The properties of the above solution, including the presence of counter-rotational flows, were verified in a resistive MHD simulation [53]. A further instance in which reconnection in the absence of null points is seen in simulations is in three-dimensional studies of Parker's ‘topological dissipation’ hypothesis [54,55]. While the topology of the magnetic field in the vicinity of the reconnection sites is not determined in these studies, the presence of a strong background field ensures the absence of null points. It is worth noting that the local structure of the magnetic field at a non-null reconnection process can be either hyperbolic or elliptic [56]. Another notable instance of non-null three-dimensional reconnection simulations is the study of Linton *et al.* [57], who investigated the interaction of twisted magnetic flux tubes in an otherwise field-free environment and discovered different possible interactions (‘merge’, ‘bounce’, ‘tunnel’ and ‘slingshot’) depending on the relative orientations of the tubes.

### (b) Reconnection at null points

#### (i) Kinematic models

Early models for three-dimensional null point reconnection were proposed by Priest & Titov [5], who considered the ideal kinematic limit and a current-free magnetic null.

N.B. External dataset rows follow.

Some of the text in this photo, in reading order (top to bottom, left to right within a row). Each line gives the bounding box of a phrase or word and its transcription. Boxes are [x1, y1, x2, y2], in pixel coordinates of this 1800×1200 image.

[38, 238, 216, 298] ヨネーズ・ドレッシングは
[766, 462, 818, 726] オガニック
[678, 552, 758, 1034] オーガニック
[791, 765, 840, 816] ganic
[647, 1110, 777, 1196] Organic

However, Pontin *et al.* [58,59] showed that the possible magnetic flux evolutions are very different when a localized non-ideal region is included around the null point. They performed a similar kinematic analysis to that of Hornig & Priest [31] as described above and found that the nature of the magnetic reconnection is crucially dependent on the orientation of the electric current at the null.

If the current is directed parallel to the spine of the null, then there are counter-rotational flows, centred on the spine [58]. The change of connectivity that results from the reconnection process therefore takes the form of a rotational slippage similar to that described above (figure 3). Importantly, there is no flux transport across either the spine or the fan. The reconnection rate quantifies the difference between the rate of (rotational) flux transport in the ideal region on either side of the diffusion region.

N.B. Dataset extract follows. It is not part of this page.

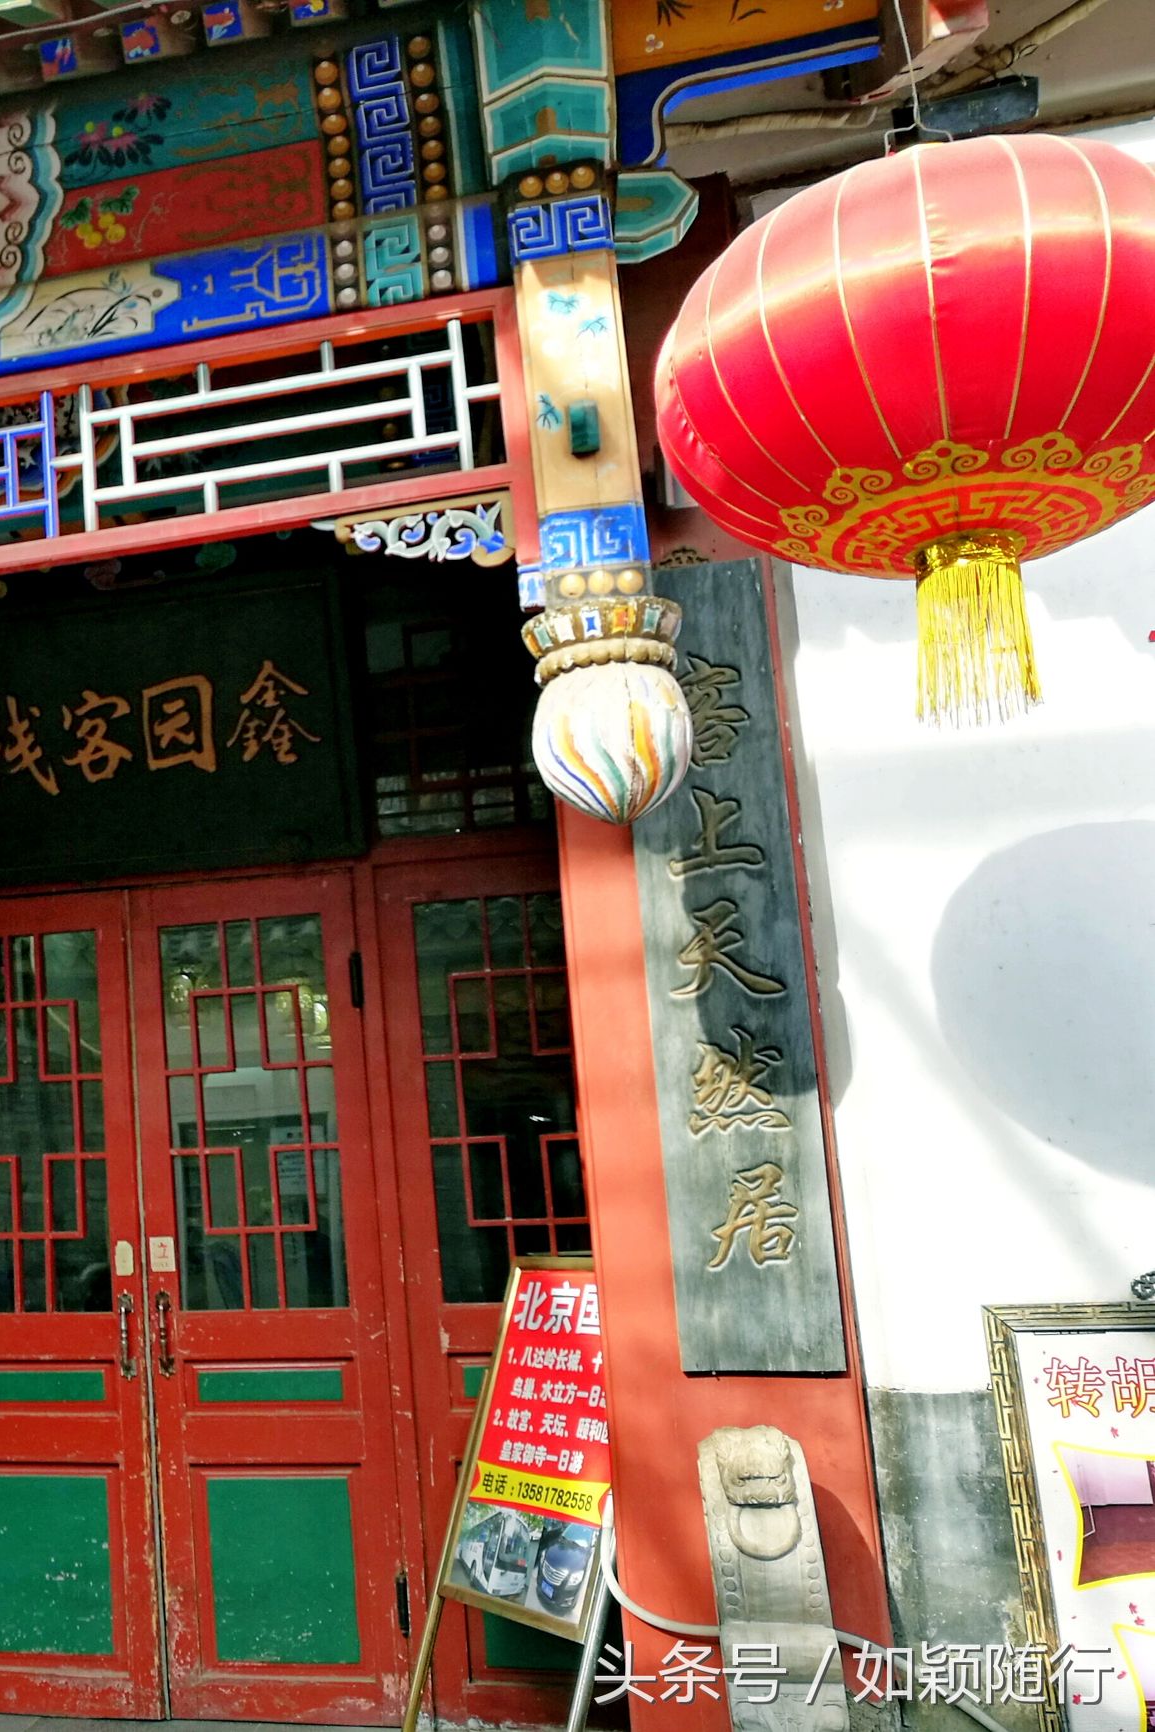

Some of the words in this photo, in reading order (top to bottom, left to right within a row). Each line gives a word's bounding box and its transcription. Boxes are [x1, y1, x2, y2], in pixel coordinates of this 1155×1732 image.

[667, 655, 792, 1271] 客上天然居

By contrast, when the current at the null is directed parallel to the fan surface, plasma flows across both the spine and the fan of the null, transporting flux both through/around the spine line and across the fan separatrix surface [59], as shown in figure 4. In this case, the reconnection rate can be shown to quantify the rate at which magnetic flux is transported across the separatrix surface in the ideal region—an interpretation that more closely resembles the two-dimensional picture.

These kinematic solutions suggest two main modes of magnetic reconnection at three-dimensional nulls. However, in these models the non-ideal region was artificially localized. The question still remains as to what types of current concentrations form self-consistently at three-dimensional nulls in the dynamic regime. This has been investigated in a series of numerical simulations [60–63]. The results have led Priest & Pontin [64] to propose a new categorization of three-dimensional null point reconnection regimes, as follows.

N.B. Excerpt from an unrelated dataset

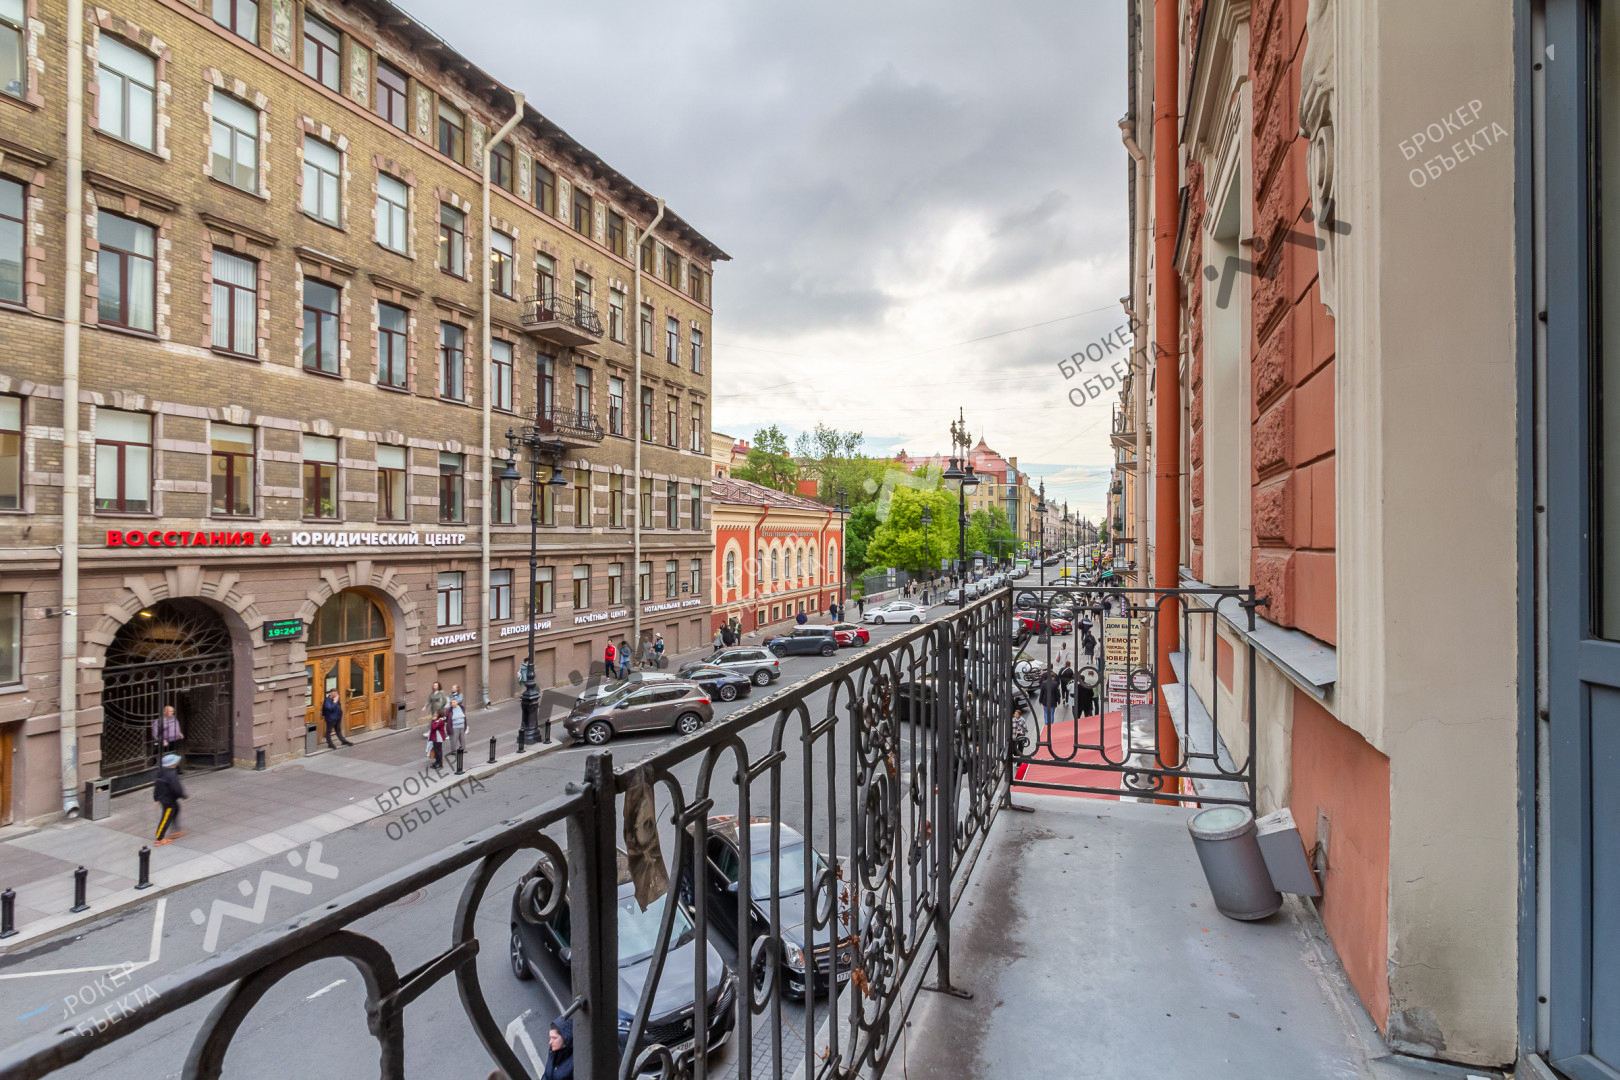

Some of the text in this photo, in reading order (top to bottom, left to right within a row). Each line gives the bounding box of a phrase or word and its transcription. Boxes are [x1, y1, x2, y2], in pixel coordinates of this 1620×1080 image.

#### (ii) Torsional spine and fan reconnection

Rickard & Titov [63] and Pontin & Galsgaard [62] investigated the propagation of disturbances towards symmetric three-dimensional null points (where the fan eigenvalues are equal). In both studies, a general disturbance was decomposed into rotations (in planes perpendicular to the spine) and shearing motions. Rotational motions are found to propagate along field lines and to accumulate around the spine line or fan plane. The locations of the spine and fan themselves remain undisturbed from their orthogonal potential configuration. These results are analogous to the properties of Alfvén wave propagation towards two-dimensional X-points, summarized by McLaughlin *et al.* [65]. Owing to the hyperbolic geometry of the magnetic field, the current intensifies as the length scales perpendicular to the spine or fan become shorter. The intensification ceases once these length scales become sufficiently short that diffusion becomes important.

*Torsional spine reconnection* occurs in response to a rotational disturbance of field lines in the fan. The disturbance propagates to the spine, around which an extended tube of current forms. This current tube is generated by a twisting of the magnetic field lines locally around the spine line, and as such the current vector is directed parallel to the axis of the tube, i.e. parallel to the spine (figure 5*a*). Owing to the orientation of the current, the magnetic reconnection that occurs within the current layer takes the form of a rotational slippage, as discussed above.

*Torsional fan reconnection* occurs in response to a rotational disturbance of field lines around the spine. The perturbation propagates as a helical Alfvén wave towards the fan, where a planar current layer develops [60] (figure 5*b*). Whereas, away from the null, the current is dominated by its components parallel to this plane, it flows through the null parallel to the spine. Therefore, the reconnection again involves a rotational slippage of magnetic flux.

#### (iii) Spine–fan reconnection

The torsional spine and torsional fan reconnection modes discussed above require a rather organized rotational driving motion—and it is thus anticipated that the most common regime of reconnection to occur at three-dimensional nulls is the *spine–fan reconnection* mode. It occurs within a current sheet that is localized in all three dimensions around the null, such current concentrations being found to form when a shear disturbance of *either* the spine *or* the fan occurs [61,66]. The current layer at the null is formed by a local collapse of the magnetic field—the spine and fan collapse towards one another, with the current sheet locally spanning them both, as depicted in figure 6. Projected onto the plane in which the collapse takes place, the spine, fan and current layer together form a Y-type structure. The current flows through the null perpendicular to this plane, and thus parallel to the fan surface. As the null point collapses, magnetic flux is transported through *both* the spine *and* the fan, as predicted by the kinematic model due to the current orientation. Al-Hachami & Pontin [67] have demonstrated that the dimensions of the diffusion region and reconnection rate are strongly dependent on the degree of symmetry of the initial null point field.

It is worth noting the relation of the spine–fan reconnection regime to the steady-state mathematical models proposed by Craig *et al.* [68] and Craig & Fabling [69]. These ‘reconnective annihilation’ solutions are constructed by super-imposing one- or two-dimensional disturbances consisting of infinite, straight field onto a background potential null, and therefore involve current layers that extend to infinity along either the spine or the fan. The solutions involving a planar current layer in the fan have been demonstrated to be dynamically accessible [70]. However, in order to maintain the planar nature of the current layer, a large pressure gradient is required within the layer. It has been shown in MHD simulations that, when the incompressibility condition is relaxed, the pressure gradient is not able to balance the Lorentz force acting within the current layer, whereupon the magnetic field collapses to form a current sheet localized at the null as described above [71].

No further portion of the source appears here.